◆ **Assigned task**:
Reproduce the listing that follows word for word, without its pictures.
——————————
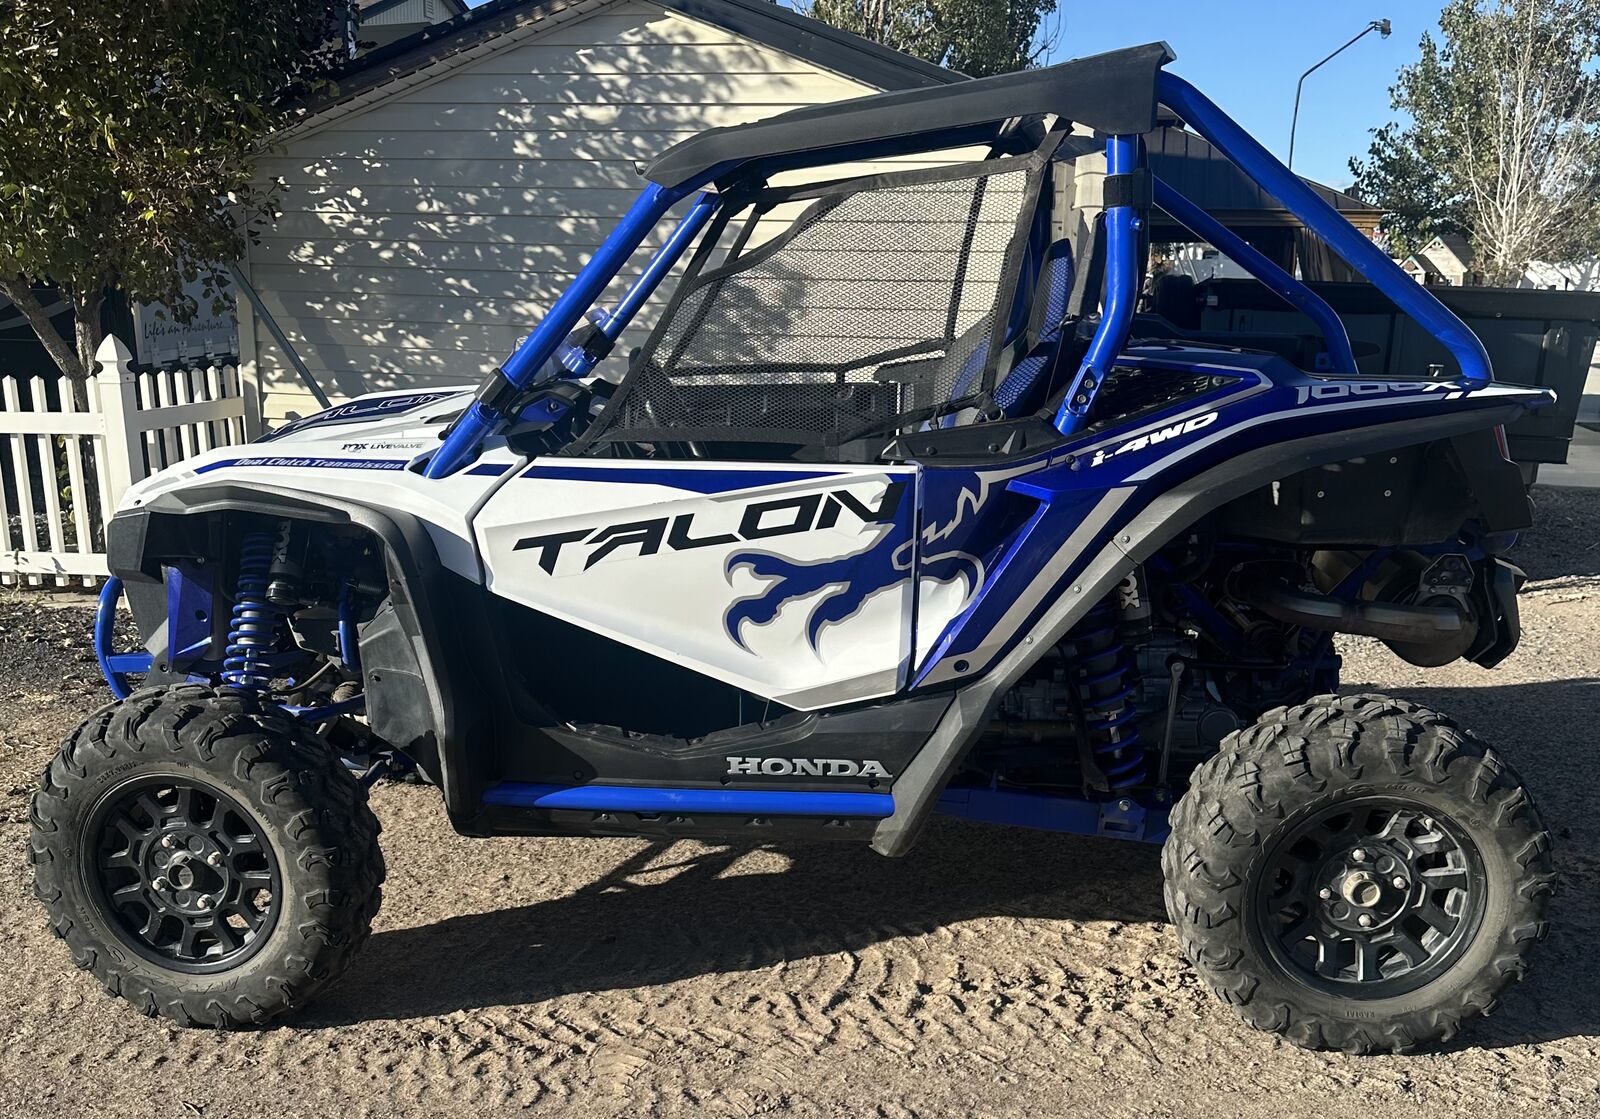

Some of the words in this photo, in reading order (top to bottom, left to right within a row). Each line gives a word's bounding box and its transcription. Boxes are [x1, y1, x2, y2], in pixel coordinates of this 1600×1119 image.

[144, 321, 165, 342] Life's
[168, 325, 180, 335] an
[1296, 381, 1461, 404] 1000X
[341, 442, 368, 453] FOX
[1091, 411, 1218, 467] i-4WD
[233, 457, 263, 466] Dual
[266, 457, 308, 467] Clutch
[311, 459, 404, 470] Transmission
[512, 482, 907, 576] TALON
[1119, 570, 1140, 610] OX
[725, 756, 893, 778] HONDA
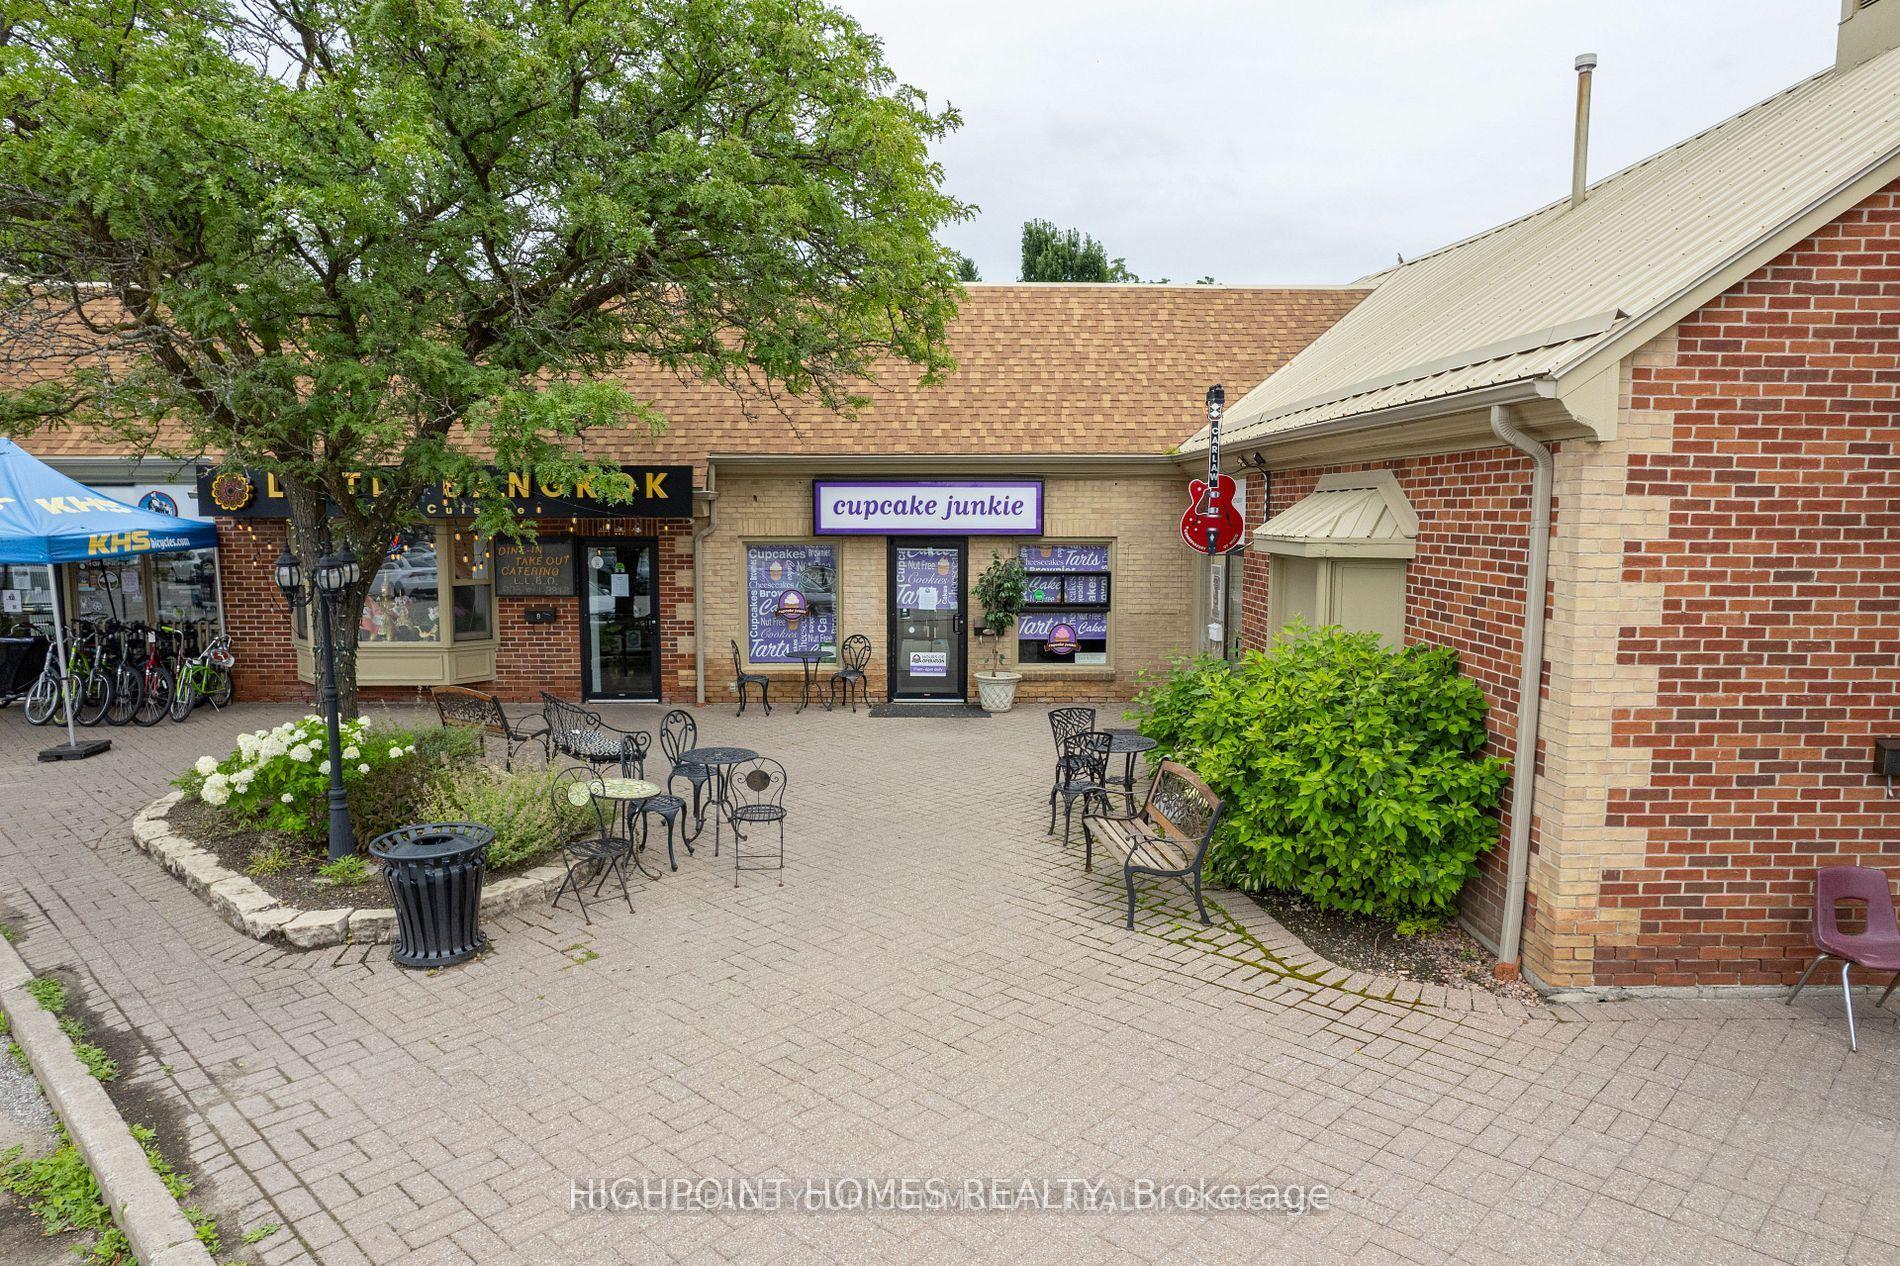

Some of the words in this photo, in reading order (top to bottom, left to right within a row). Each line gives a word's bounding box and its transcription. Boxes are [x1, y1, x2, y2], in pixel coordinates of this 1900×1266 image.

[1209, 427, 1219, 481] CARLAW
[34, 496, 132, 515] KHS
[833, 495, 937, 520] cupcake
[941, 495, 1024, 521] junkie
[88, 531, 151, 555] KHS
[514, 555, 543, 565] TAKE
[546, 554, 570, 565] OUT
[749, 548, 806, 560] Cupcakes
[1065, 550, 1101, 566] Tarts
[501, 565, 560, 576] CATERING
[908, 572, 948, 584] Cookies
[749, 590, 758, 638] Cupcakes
——————————
◆ **Result for this exercise**:
Some of the words in this photo, in reading order (top to bottom, left to right within a row). Each line gives a word's bounding box and its transcription. Boxes are [x1, y1, x2, y2], in pixel coordinates of this 1600×1119 image.

[144, 321, 165, 342] Life's
[168, 325, 180, 335] an
[1296, 381, 1461, 404] 1000X
[341, 442, 368, 453] FOX
[1091, 411, 1218, 467] i-4WD
[233, 457, 263, 466] Dual
[266, 457, 308, 467] Clutch
[311, 459, 404, 470] Transmission
[512, 482, 907, 576] TALON
[1119, 570, 1140, 610] OX
[725, 756, 893, 778] HONDA

Some of the words in this photo, in reading order (top to bottom, left to right within a row). Each line gives a word's bounding box and its transcription. Boxes are [x1, y1, x2, y2], in pixel coordinates of this 1900×1266 image.

[1209, 427, 1219, 481] CARLAW
[34, 496, 132, 515] KHS
[833, 495, 937, 520] cupcake
[941, 495, 1024, 521] junkie
[88, 531, 151, 555] KHS
[514, 555, 543, 565] TAKE
[546, 554, 570, 565] OUT
[749, 548, 806, 560] Cupcakes
[1065, 550, 1101, 566] Tarts
[501, 565, 560, 576] CATERING
[908, 572, 948, 584] Cookies
[749, 590, 758, 638] Cupcakes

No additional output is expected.